* [PROBLEM]:
Output every record exactly, apart from its images.

▬▬▬▬▬▬

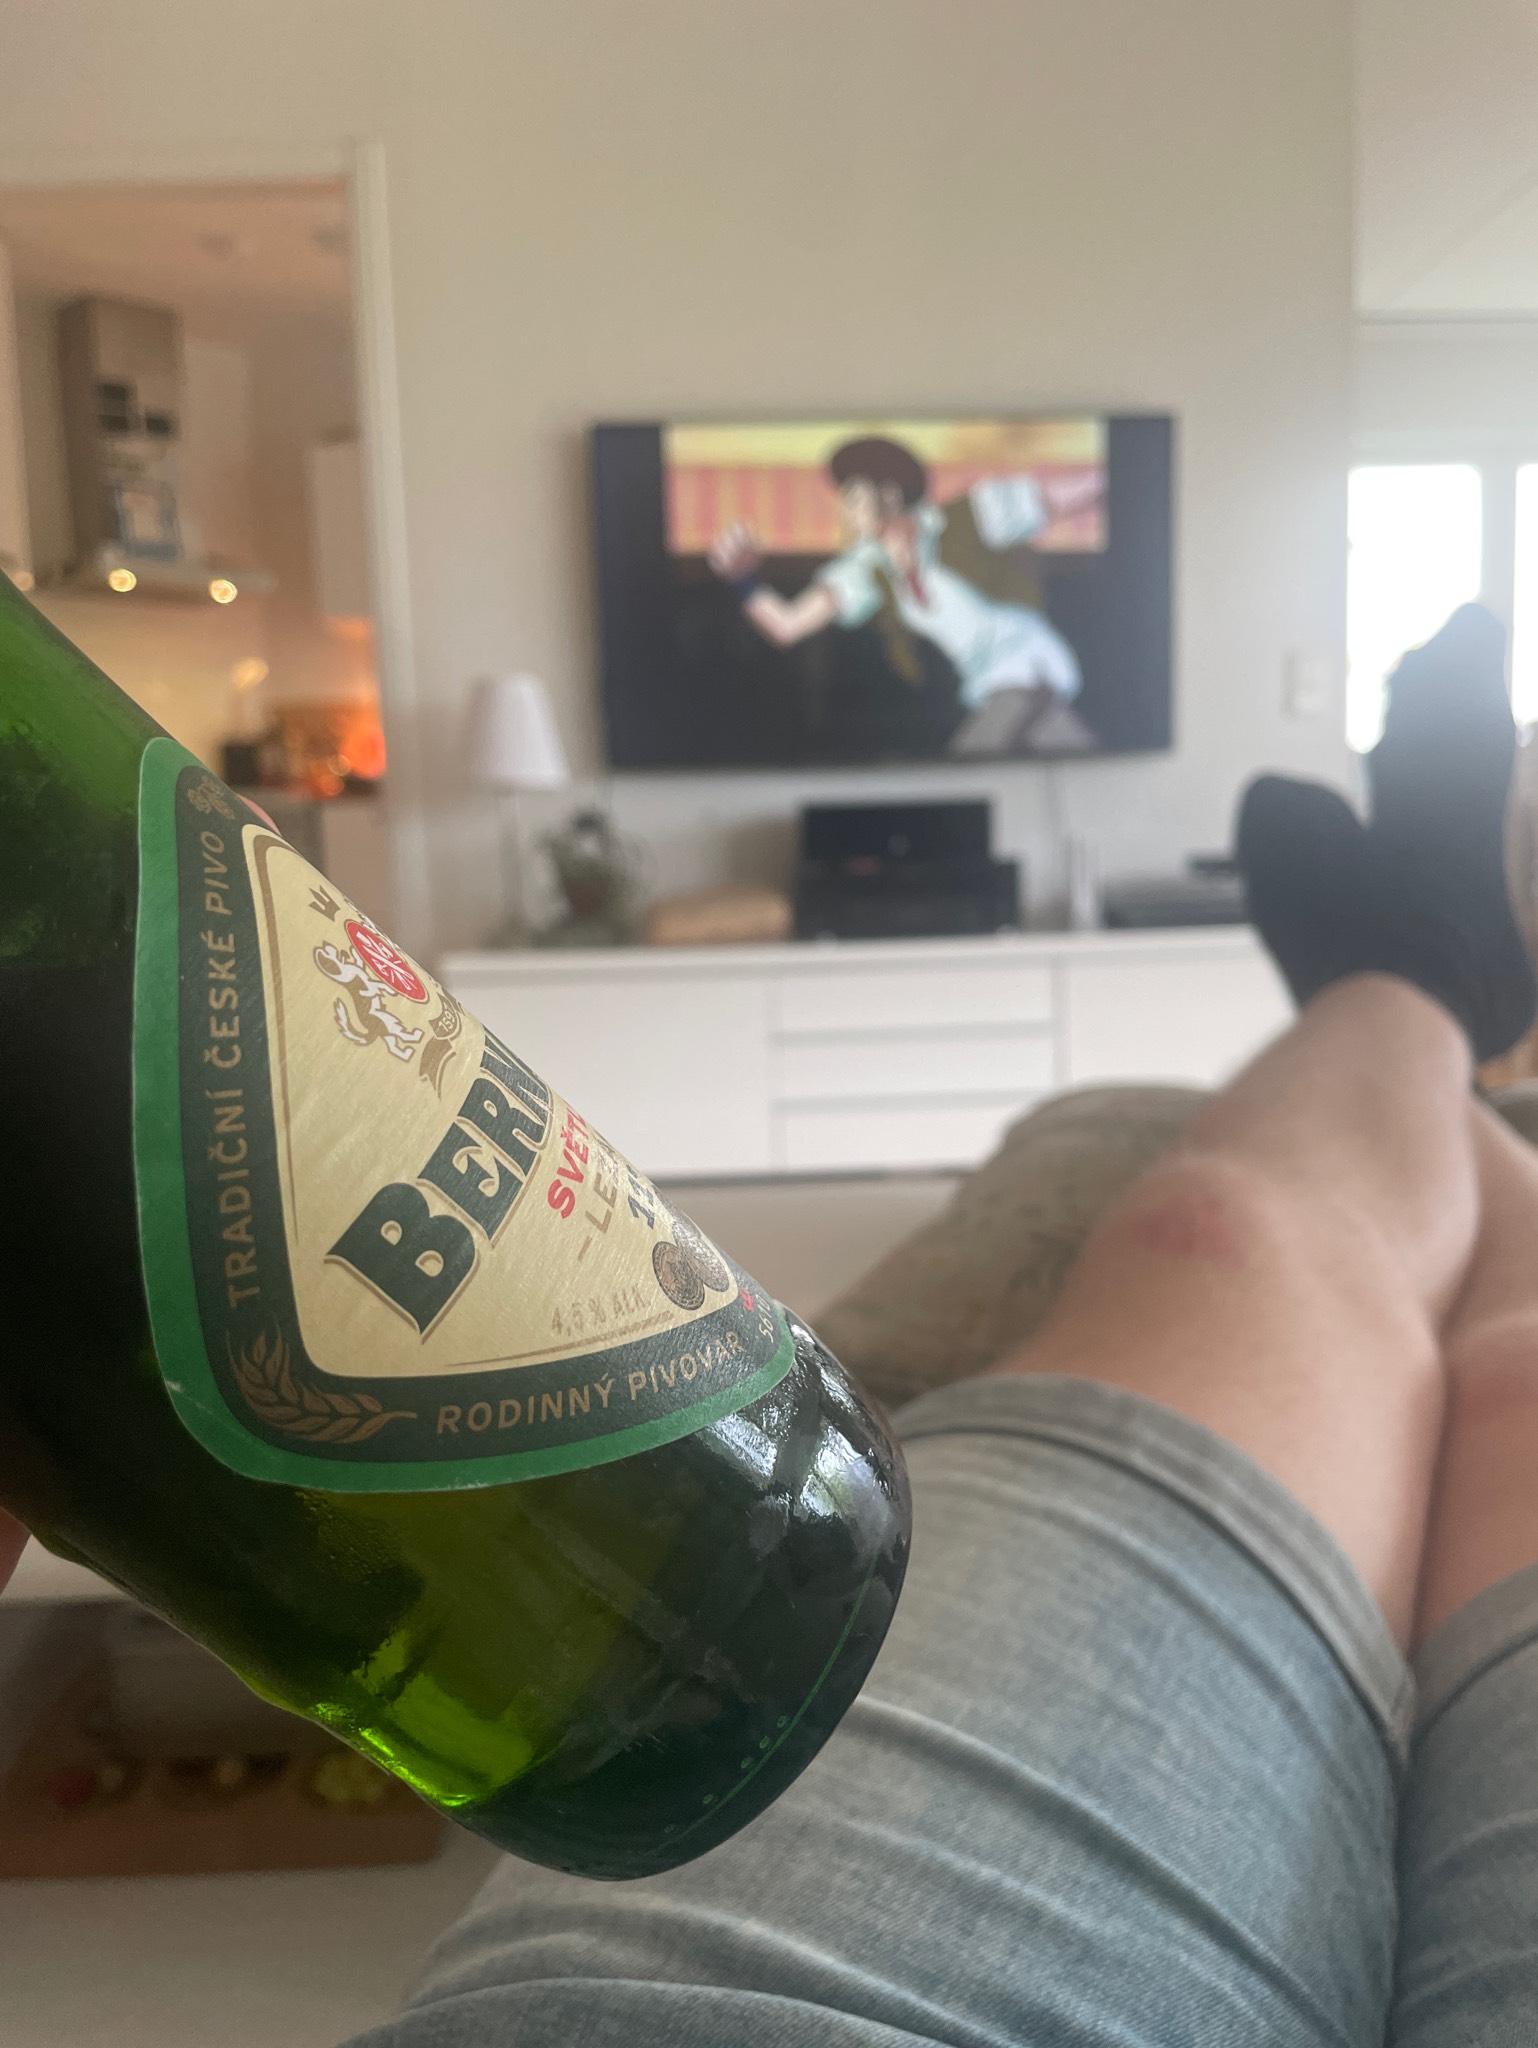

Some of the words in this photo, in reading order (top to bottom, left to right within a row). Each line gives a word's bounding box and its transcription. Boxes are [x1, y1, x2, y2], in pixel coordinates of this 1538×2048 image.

[200, 831, 233, 916] PIVO
[200, 929, 243, 1070] ČESKÉ
[205, 1087, 261, 1309] TRADIČNÍ
[322, 1022, 553, 1345] BERN
[436, 1372, 616, 1435] RODINNÝ
[627, 1329, 746, 1401] PIVOVAR

▬▬▬▬▬▬

* [OUTPUT OF THE EXERCISE]:
Some of the words in this photo, in reading order (top to bottom, left to right within a row). Each line gives a word's bounding box and its transcription. Boxes are [x1, y1, x2, y2], in pixel coordinates of this 1538×2048 image.

[200, 831, 233, 916] PIVO
[200, 929, 243, 1070] ČESKÉ
[205, 1087, 261, 1309] TRADIČNÍ
[322, 1022, 553, 1345] BERN
[436, 1372, 616, 1435] RODINNÝ
[627, 1329, 746, 1401] PIVOVAR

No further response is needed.